### SOURCE MATERIAL:
*** Block opens ***

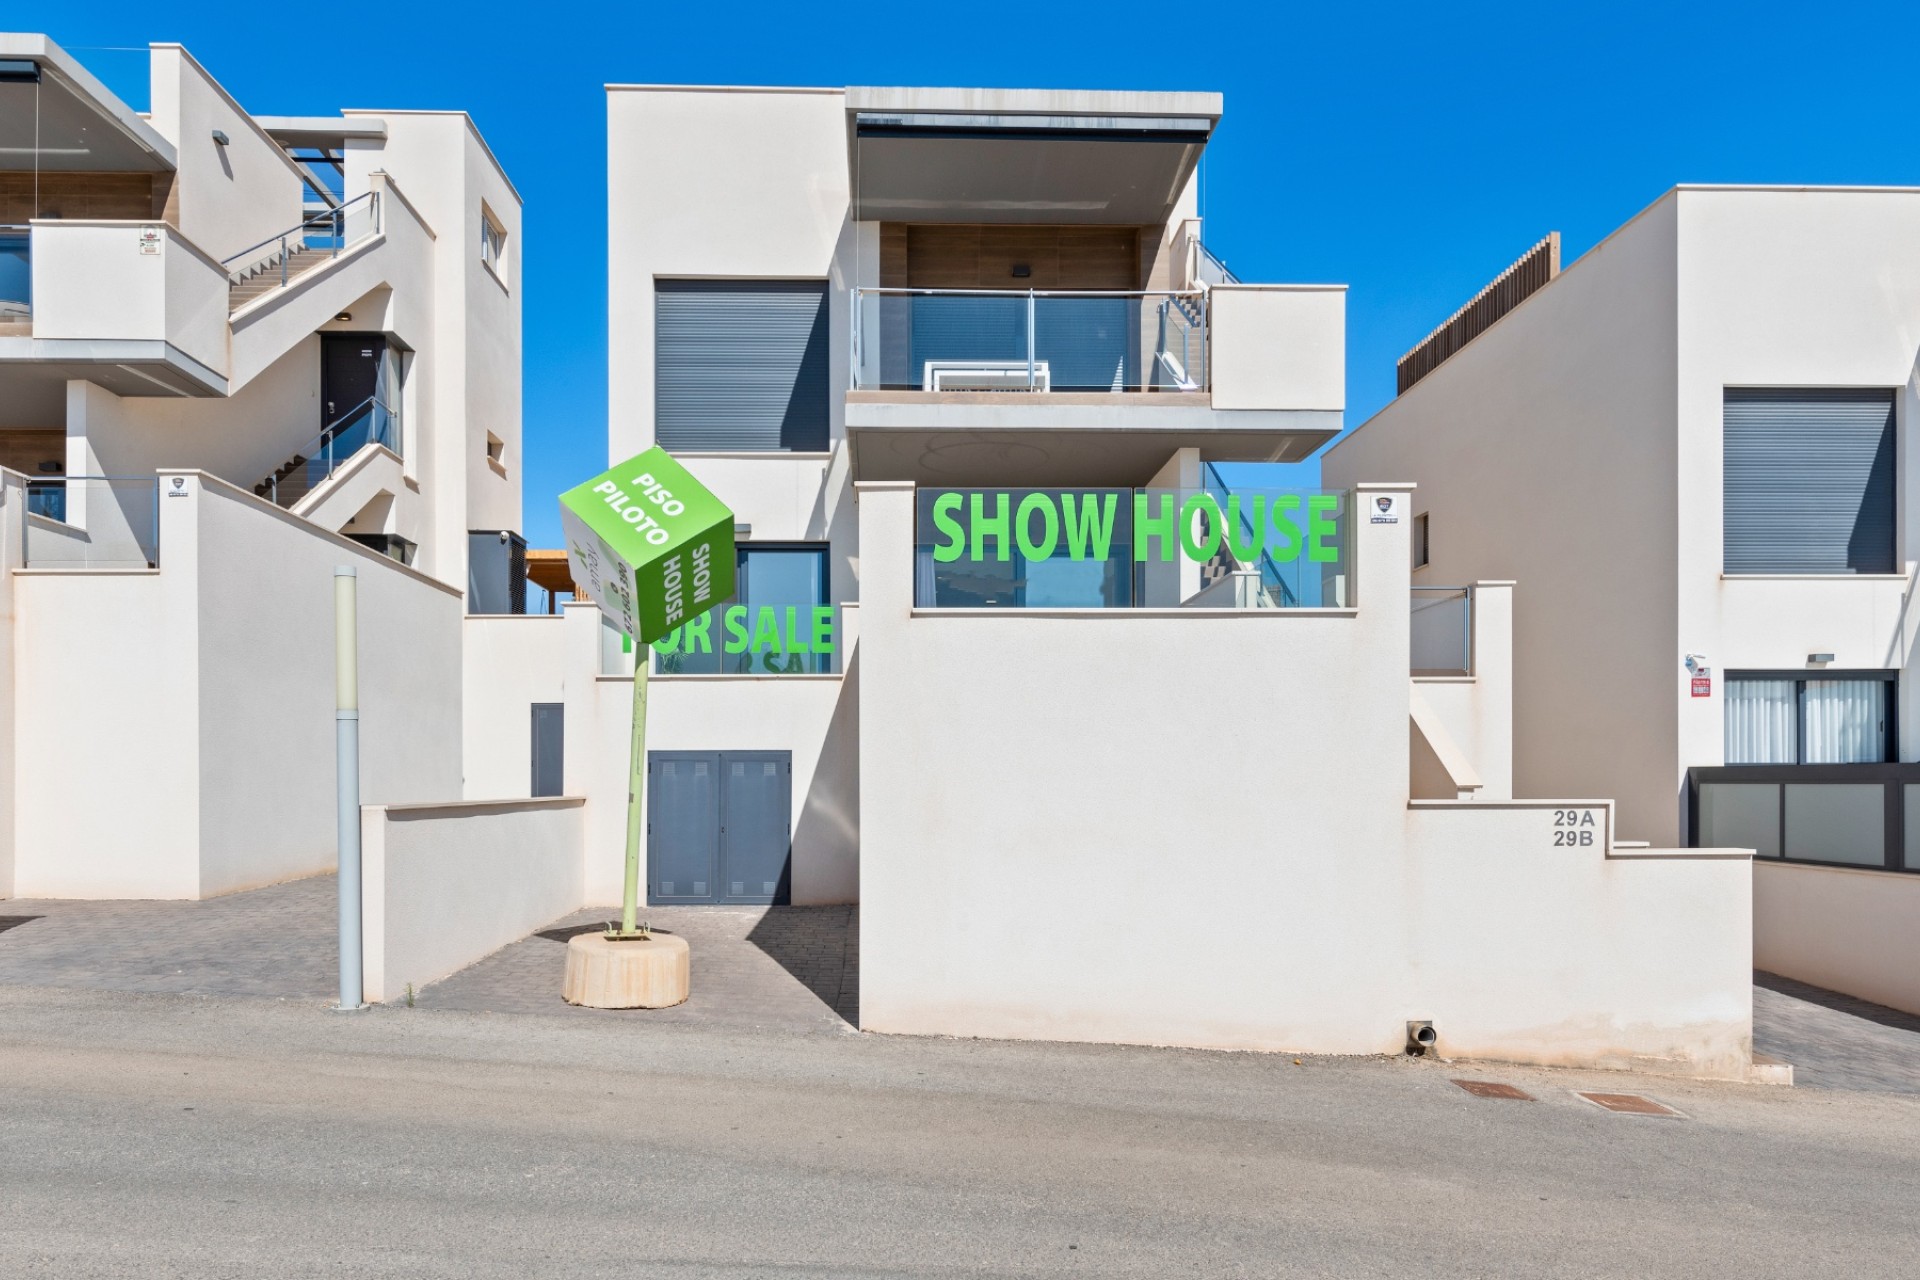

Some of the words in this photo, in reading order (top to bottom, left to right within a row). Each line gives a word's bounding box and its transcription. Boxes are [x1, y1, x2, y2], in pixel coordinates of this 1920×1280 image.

[592, 480, 669, 545] PILOTO
[632, 473, 684, 516] PISO
[933, 492, 1118, 562] SHOW
[1134, 494, 1338, 562] HOUSE
[663, 554, 683, 626] HOUSE
[692, 543, 711, 604] SHOW
[725, 605, 836, 654] SALE
[1554, 810, 1595, 826] 29A
[1554, 831, 1594, 846] 29B
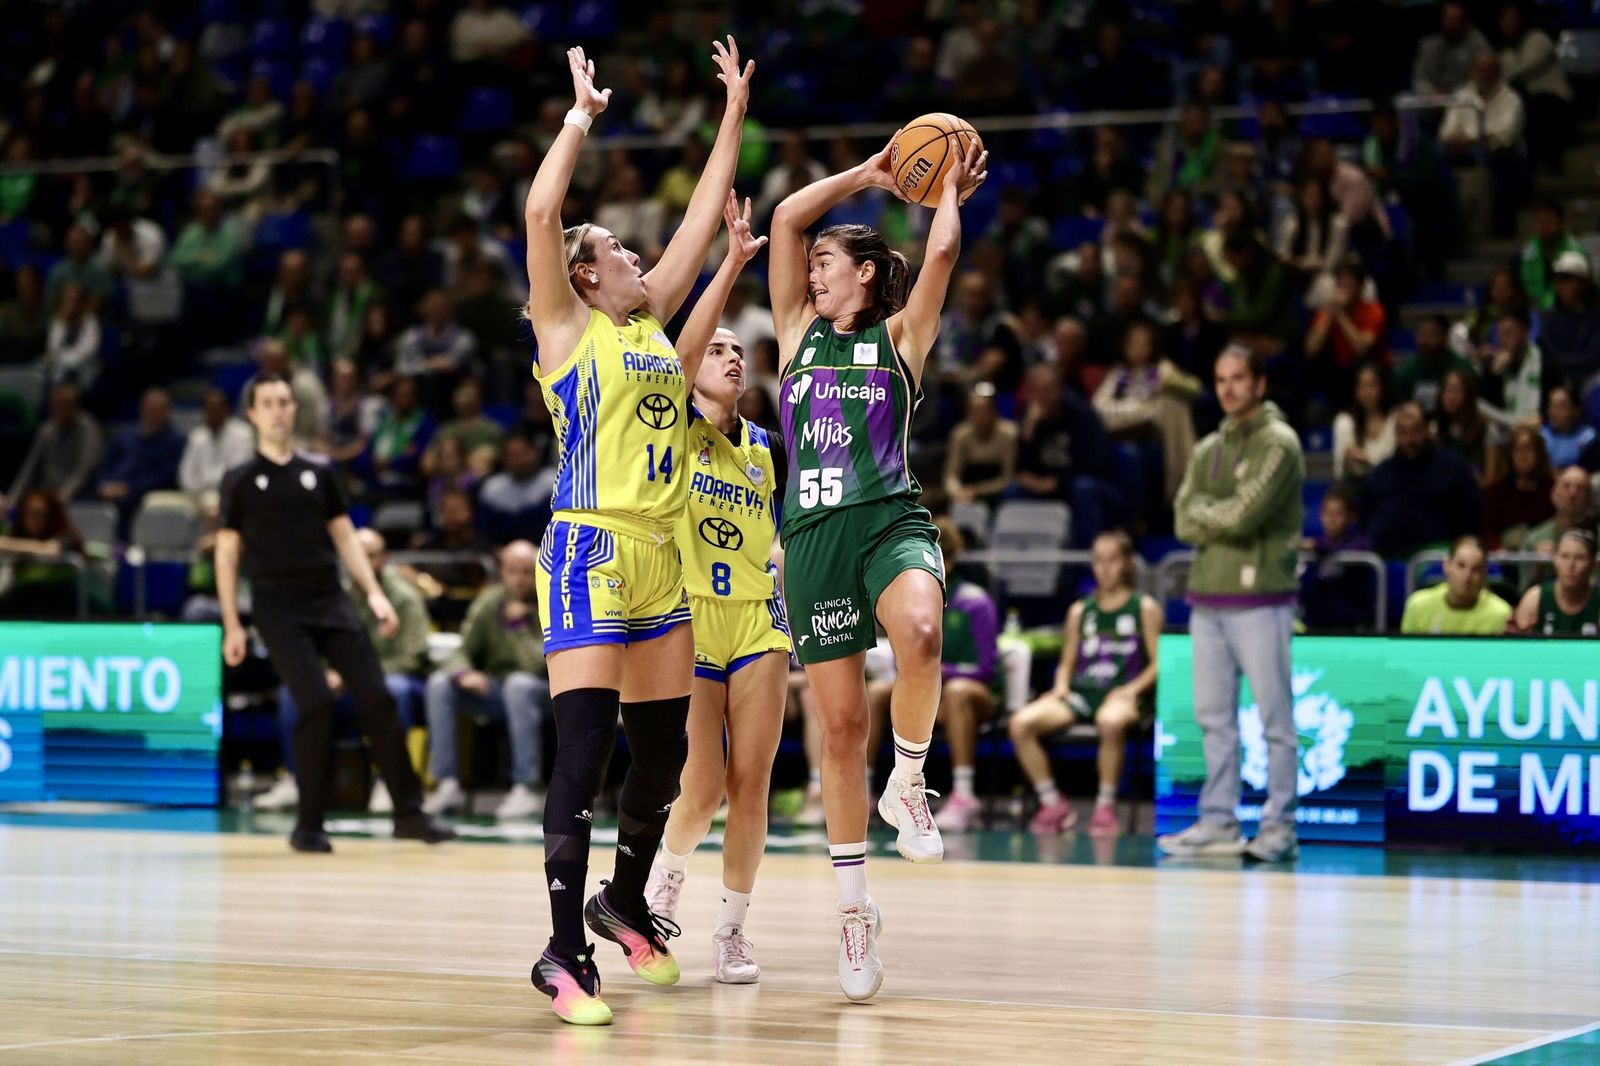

*** Block closes ***

### TASK:
All of the records need to be reproduced exactly, with each picture omitted.

### TASK RESULT:
Some of the words in this photo, in reading order (top to bottom, left to right within a row). Each line gives a word's bounding box and its transcription. Boxes are [x1, y1, x2, y2], in pixel coordinates of this 1920×1280 image.

[592, 480, 669, 545] PILOTO
[632, 473, 684, 516] PISO
[933, 492, 1118, 562] SHOW
[1134, 494, 1338, 562] HOUSE
[663, 554, 683, 626] HOUSE
[692, 543, 711, 604] SHOW
[725, 605, 836, 654] SALE
[1554, 810, 1595, 826] 29A
[1554, 831, 1594, 846] 29B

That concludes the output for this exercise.